• **Work order**
Exactly as they stand, give the records below again, with no images.

-- Opening Marker --

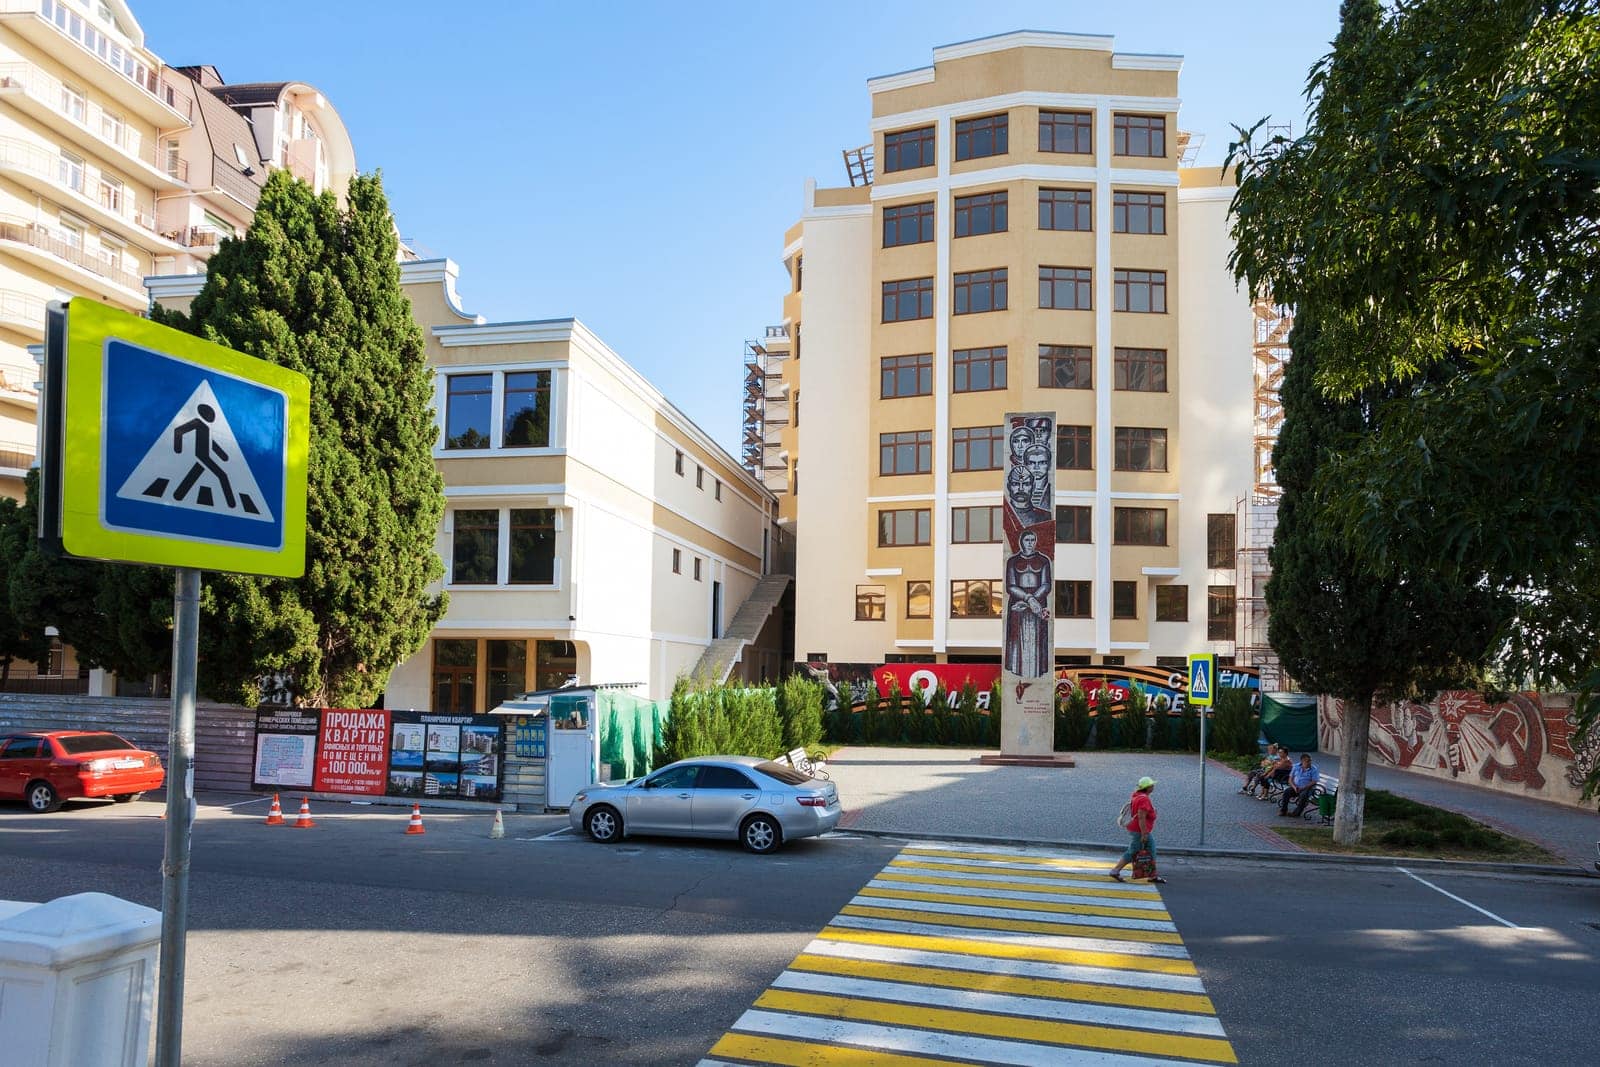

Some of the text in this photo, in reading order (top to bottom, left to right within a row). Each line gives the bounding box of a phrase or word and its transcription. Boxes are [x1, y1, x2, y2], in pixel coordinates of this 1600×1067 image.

[909, 669, 938, 706] 9
[1168, 673, 1182, 688] С
[326, 712, 386, 730] ПРОДАЖА
[325, 729, 385, 745] КВАРТИР,
[324, 743, 350, 751] ОФИСНЫХ
[356, 744, 383, 752] ТОРГОВЫХ
[323, 751, 383, 762] ПОМЕЩЕНИЙ
[329, 761, 345, 773] 100
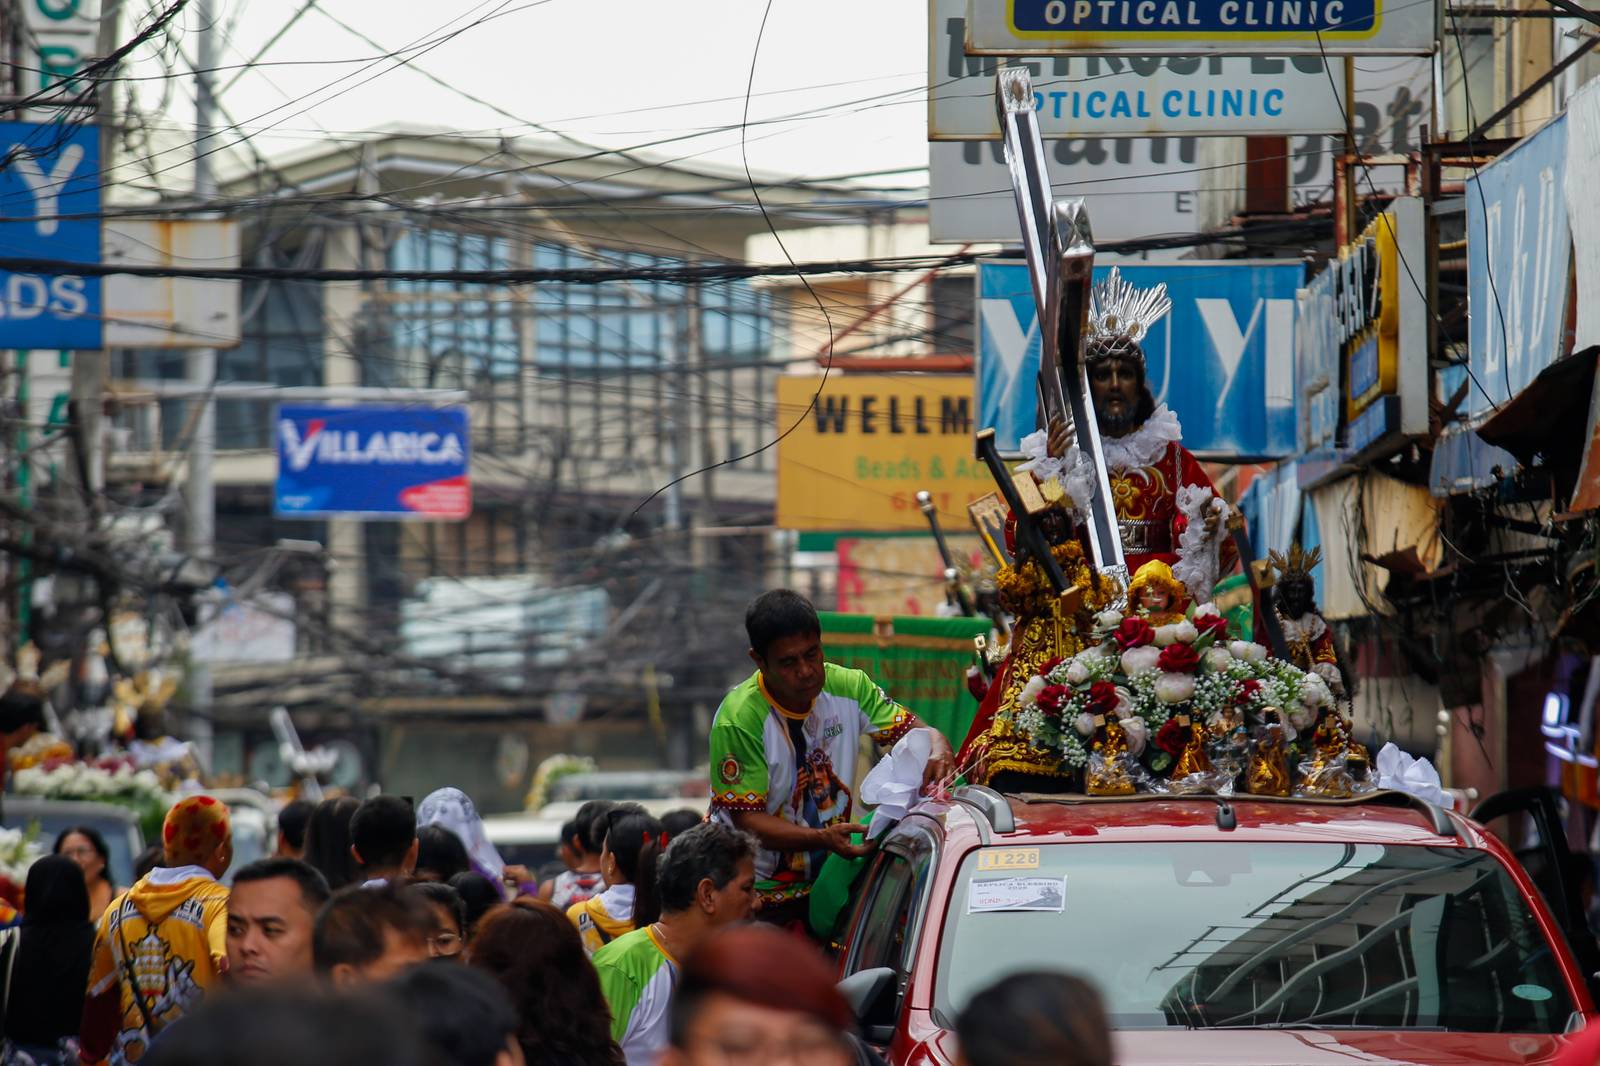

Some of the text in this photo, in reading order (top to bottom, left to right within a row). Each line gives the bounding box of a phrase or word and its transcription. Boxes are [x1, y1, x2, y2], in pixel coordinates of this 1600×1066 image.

[1045, 0, 1344, 25] OPTICAL CLINIC
[1031, 88, 1284, 119] PTICAL CLINIC
[0, 274, 87, 320] DS
[278, 417, 466, 471] VILLARICA
[856, 456, 920, 480] Beads
[929, 457, 944, 480] &

-- Closing Marker --

• **Expected answer**
Some of the text in this photo, in reading order (top to bottom, left to right within a row). Each line gives the bounding box of a phrase or word and its transcription. Boxes are [x1, y1, x2, y2], in pixel coordinates of this 1600×1067 image.

[909, 669, 938, 706] 9
[1168, 673, 1182, 688] С
[326, 712, 386, 730] ПРОДАЖА
[325, 729, 385, 745] КВАРТИР,
[324, 743, 350, 751] ОФИСНЫХ
[356, 744, 383, 752] ТОРГОВЫХ
[323, 751, 383, 762] ПОМЕЩЕНИЙ
[329, 761, 345, 773] 100

Some of the text in this photo, in reading order (top to bottom, left to right within a row). Each line gives the bounding box of a phrase or word and its transcription. Boxes are [x1, y1, x2, y2], in pixel coordinates of this 1600×1066 image.

[1045, 0, 1344, 25] OPTICAL CLINIC
[1031, 88, 1284, 119] PTICAL CLINIC
[0, 274, 87, 320] DS
[278, 417, 466, 471] VILLARICA
[856, 456, 920, 480] Beads
[929, 457, 944, 480] &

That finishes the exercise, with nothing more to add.